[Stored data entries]
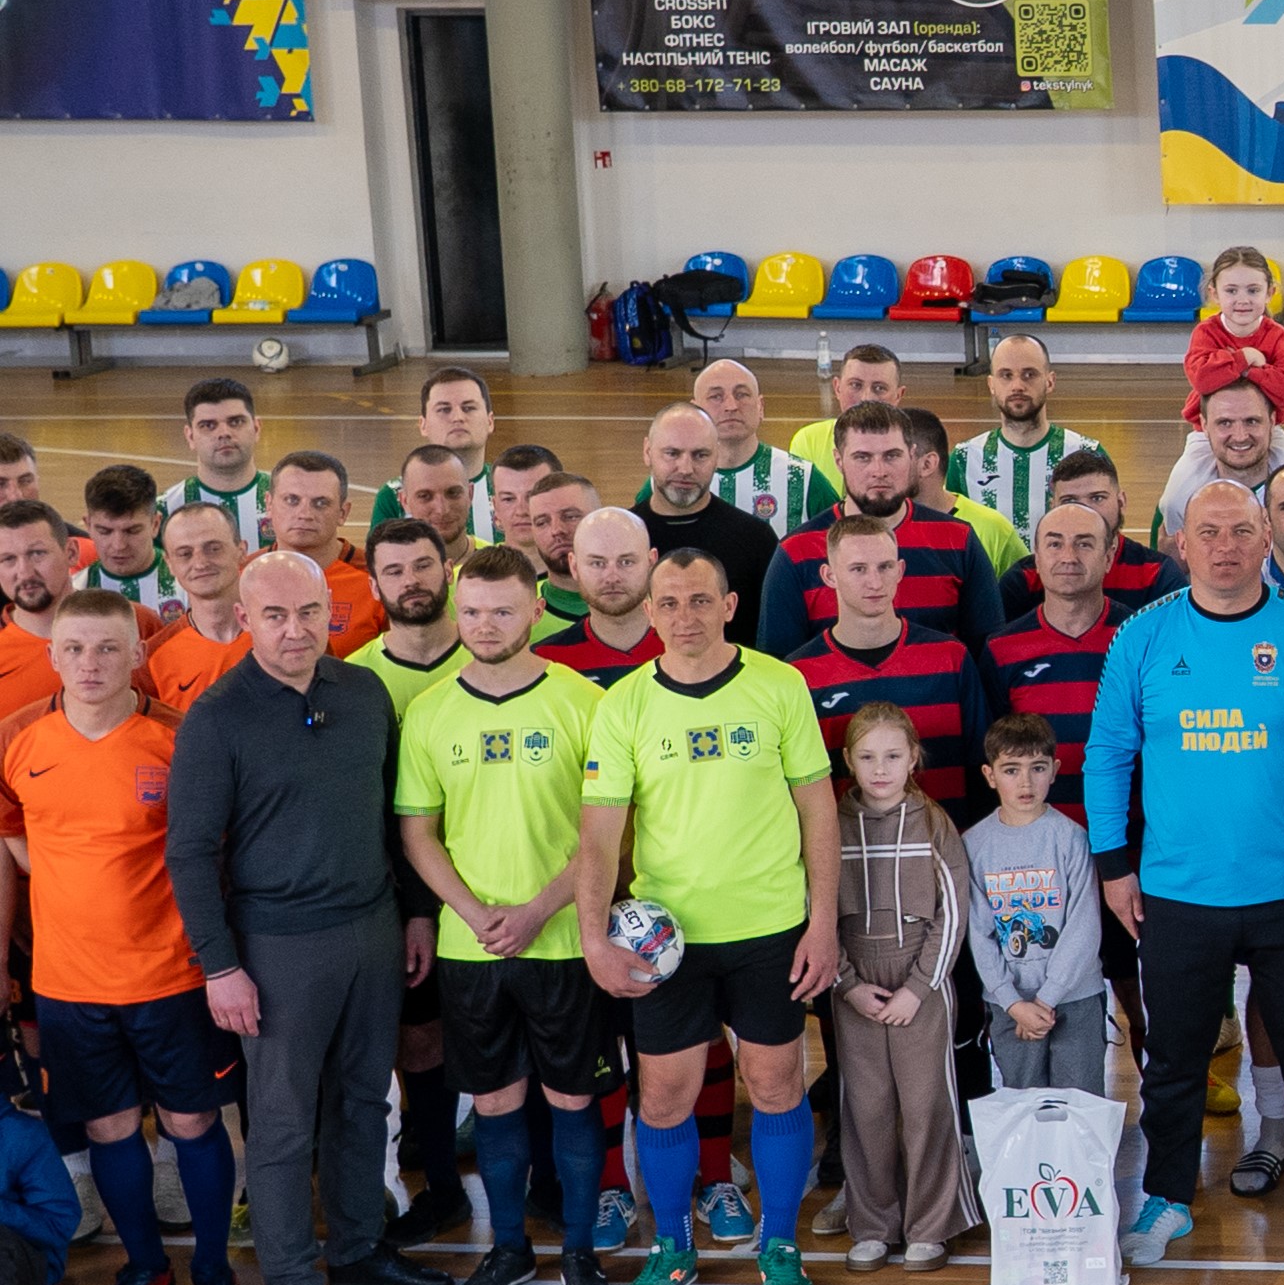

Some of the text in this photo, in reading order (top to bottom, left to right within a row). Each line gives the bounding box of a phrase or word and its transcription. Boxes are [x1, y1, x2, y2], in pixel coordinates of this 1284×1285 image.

[670, 15, 716, 29] БОКС
[807, 19, 874, 35] ІГРОВИЙ
[877, 21, 910, 35] ЗАЛ
[664, 33, 725, 47] ФІТНЕС
[785, 40, 1004, 56] волейбол/футбол/баскетбол
[622, 49, 771, 66] НАСТІЛЬНИЙ ТЕНІС
[864, 58, 928, 72] МАСАЖ
[630, 78, 781, 93] 380-68-172-71-23
[870, 77, 924, 91] САУНА
[1033, 79, 1094, 92] tekstylnyk
[1179, 708, 1245, 729] СИЛА
[1181, 723, 1268, 754] ЛЮДЕЙ
[984, 869, 1055, 893] READY
[1002, 1186, 1104, 1218] EVA
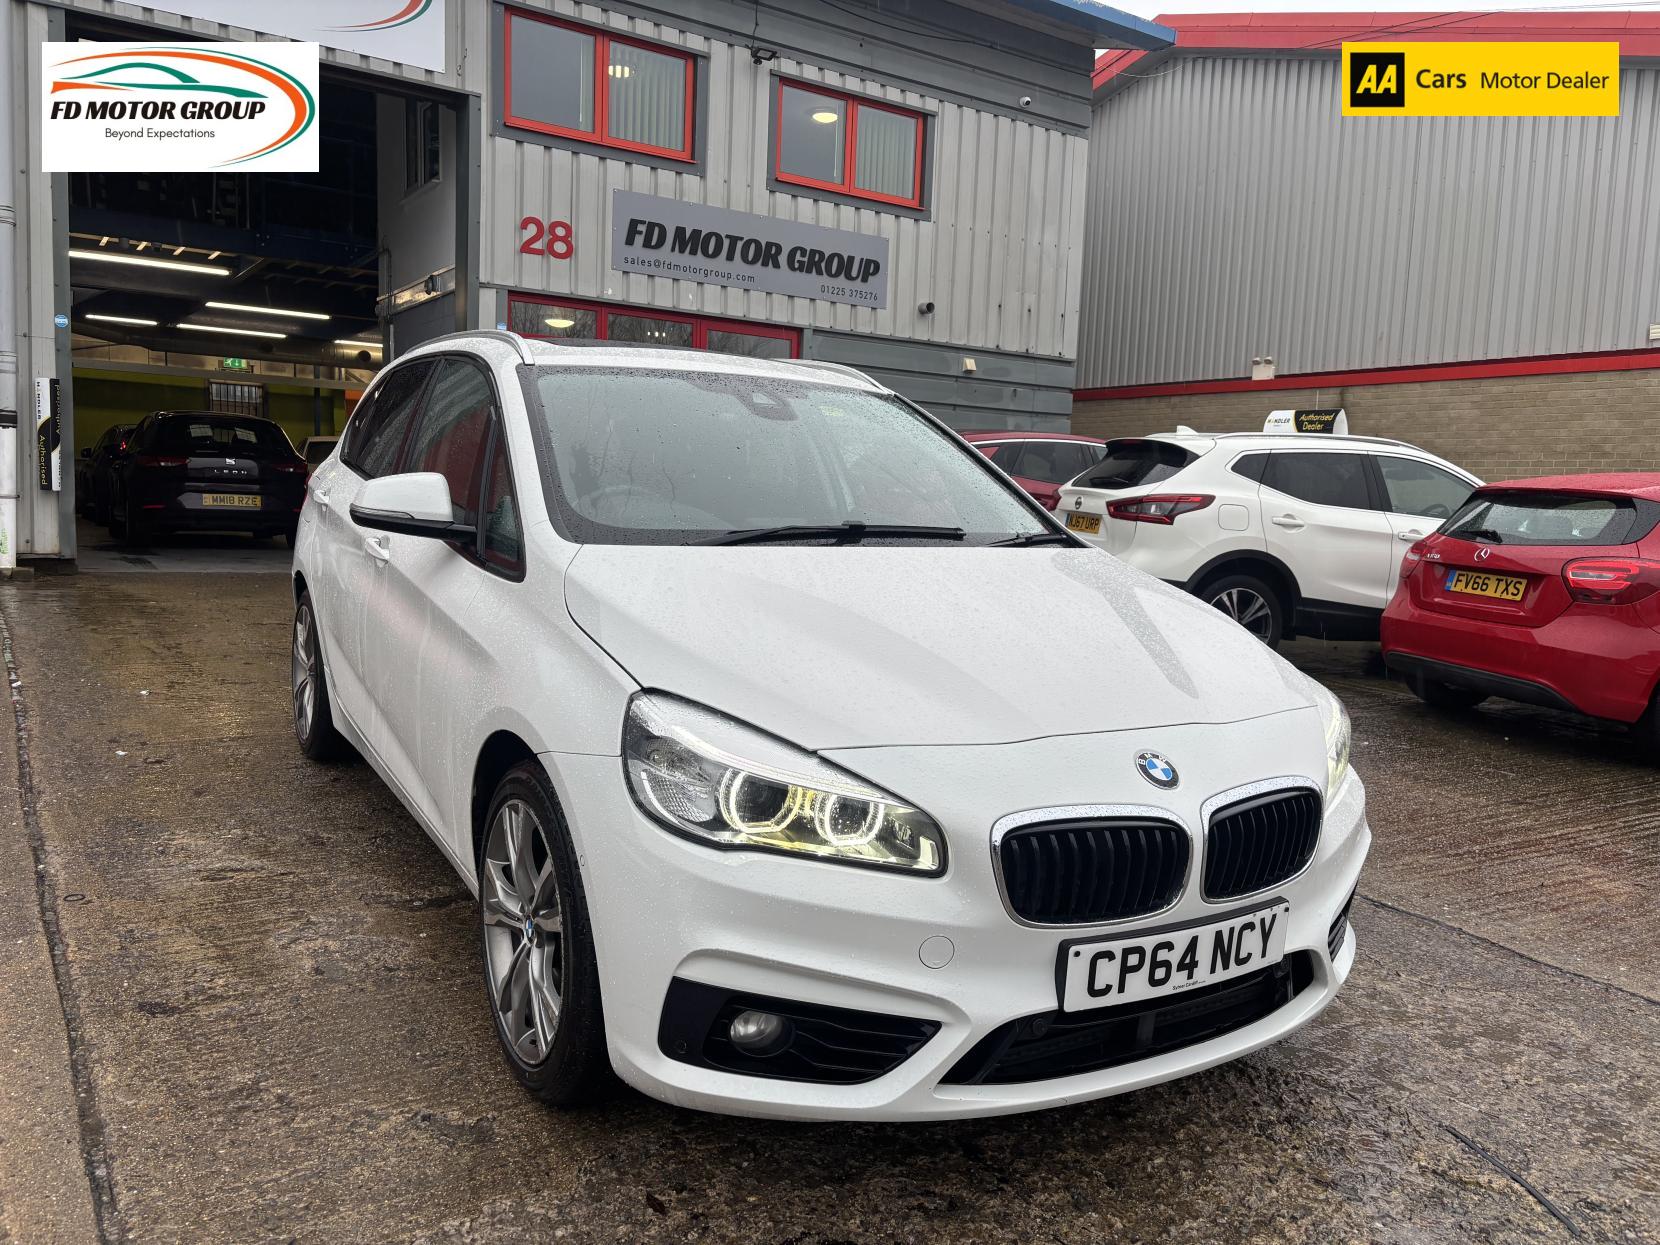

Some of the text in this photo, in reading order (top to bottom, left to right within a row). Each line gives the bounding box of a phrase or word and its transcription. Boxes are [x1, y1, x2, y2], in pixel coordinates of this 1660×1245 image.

[519, 216, 574, 260] 28
[624, 218, 881, 283] FD MOTOR GROUP
[623, 255, 755, 283] sales@fdmotorgroup.com
[820, 285, 878, 301] 01225 375276
[1299, 412, 1335, 421] Authorised
[1302, 421, 1324, 431] Dealer
[39, 434, 47, 485] Authorised
[238, 496, 258, 505] RZE
[1454, 573, 1523, 597] FV66 TXS
[1086, 913, 1278, 998] CP64 NCY
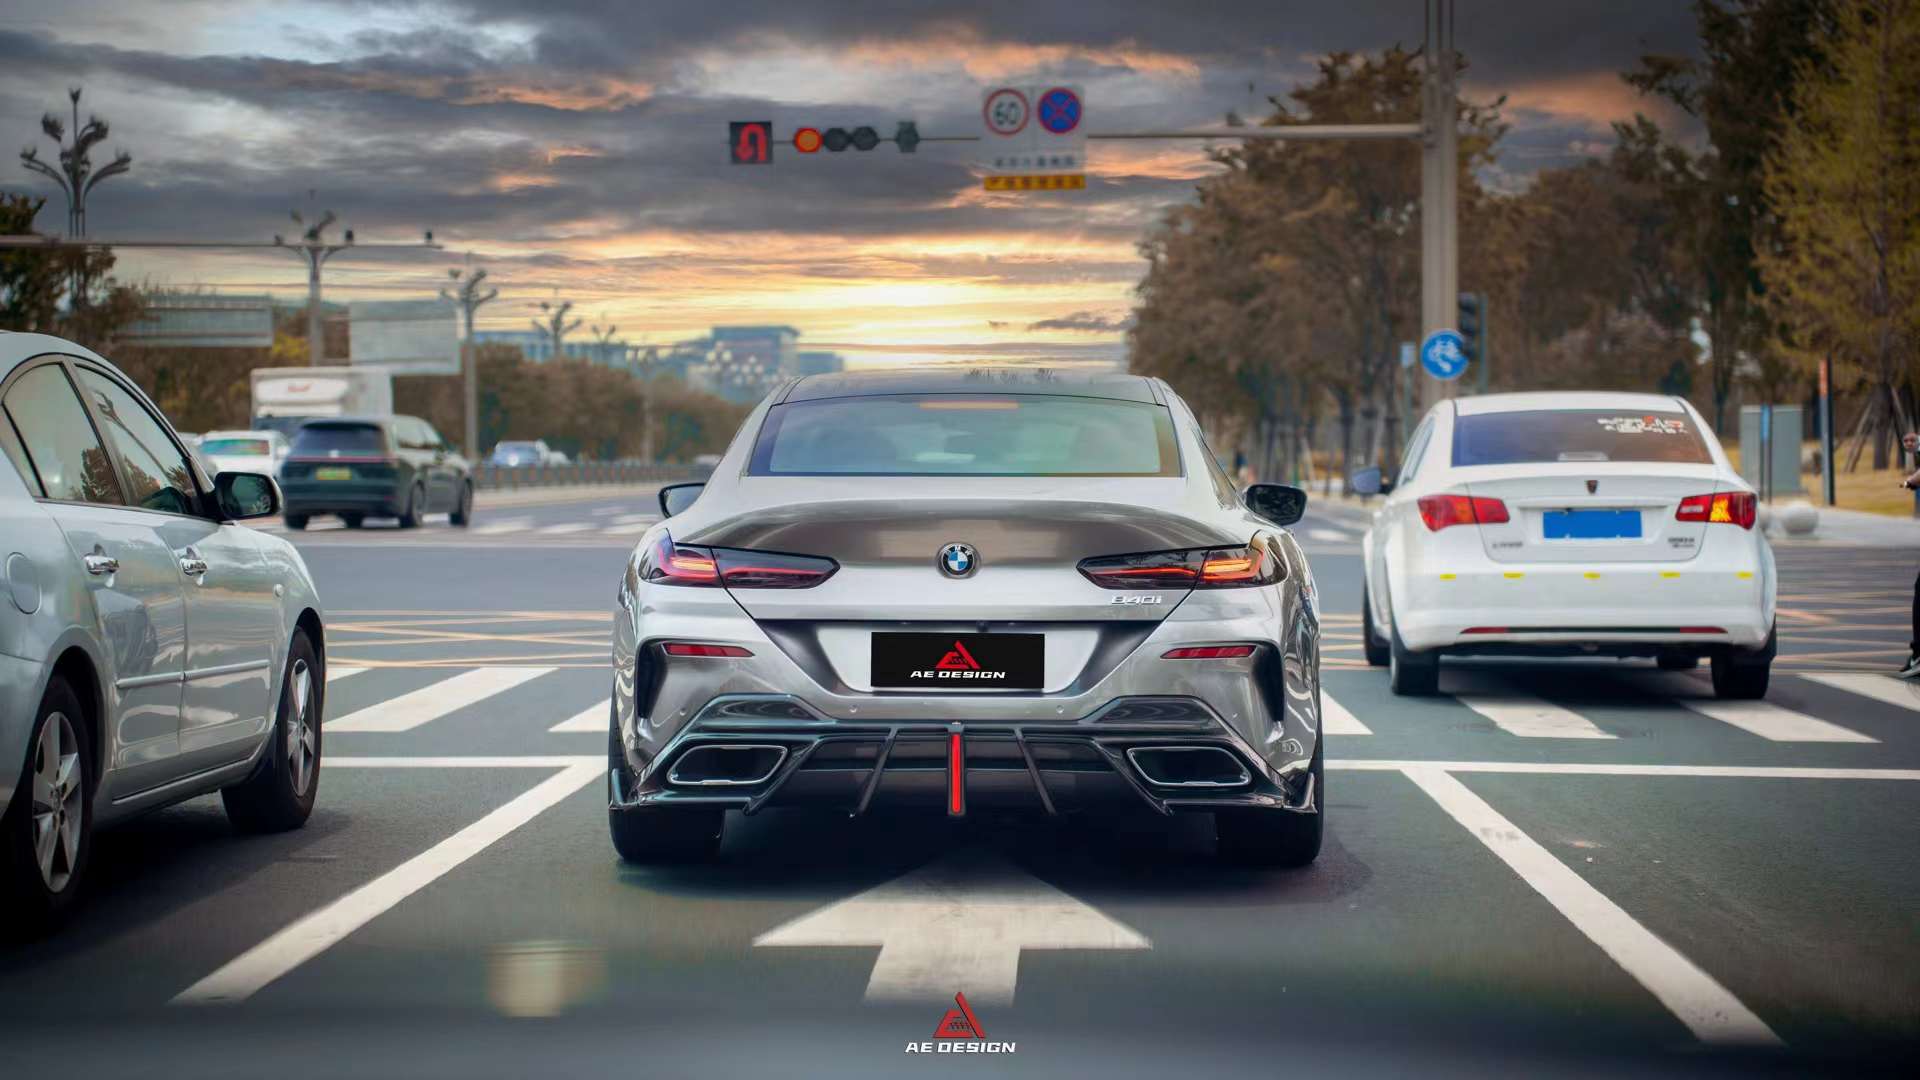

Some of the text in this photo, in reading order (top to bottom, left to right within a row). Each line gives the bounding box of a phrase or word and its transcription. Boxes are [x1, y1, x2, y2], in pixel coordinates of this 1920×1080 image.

**Exercise details:**
Write out the data once more exactly, omitting the pictures.

**Answer for this exercise:**
Some of the text in this photo, in reading order (top to bottom, left to right within a row). Each line gives the bounding box of a phrase or word and its transcription. Boxes are [x1, y1, x2, y2], in pixel coordinates of this 1284×1285 image.

[670, 15, 716, 29] БОКС
[807, 19, 874, 35] ІГРОВИЙ
[877, 21, 910, 35] ЗАЛ
[664, 33, 725, 47] ФІТНЕС
[785, 40, 1004, 56] волейбол/футбол/баскетбол
[622, 49, 771, 66] НАСТІЛЬНИЙ ТЕНІС
[864, 58, 928, 72] МАСАЖ
[630, 78, 781, 93] 380-68-172-71-23
[870, 77, 924, 91] САУНА
[1033, 79, 1094, 92] tekstylnyk
[1179, 708, 1245, 729] СИЛА
[1181, 723, 1268, 754] ЛЮДЕЙ
[984, 869, 1055, 893] READY
[1002, 1186, 1104, 1218] EVA

Some of the text in this photo, in reading order (top to bottom, left to right within a row). Each line gives the bounding box of a phrase or word and its transcription. Boxes are [x1, y1, x2, y2], in pixel coordinates of this 1660×1245 image.

[519, 216, 574, 260] 28
[624, 218, 881, 283] FD MOTOR GROUP
[623, 255, 755, 283] sales@fdmotorgroup.com
[820, 285, 878, 301] 01225 375276
[1299, 412, 1335, 421] Authorised
[1302, 421, 1324, 431] Dealer
[39, 434, 47, 485] Authorised
[238, 496, 258, 505] RZE
[1454, 573, 1523, 597] FV66 TXS
[1086, 913, 1278, 998] CP64 NCY

Some of the text in this photo, in reading order (top to bottom, left to right within a row). Each line gives the bounding box of a phrase or word and its transcription. Boxes are [x1, y1, x2, y2], in pixel coordinates of this 1920×1080 image.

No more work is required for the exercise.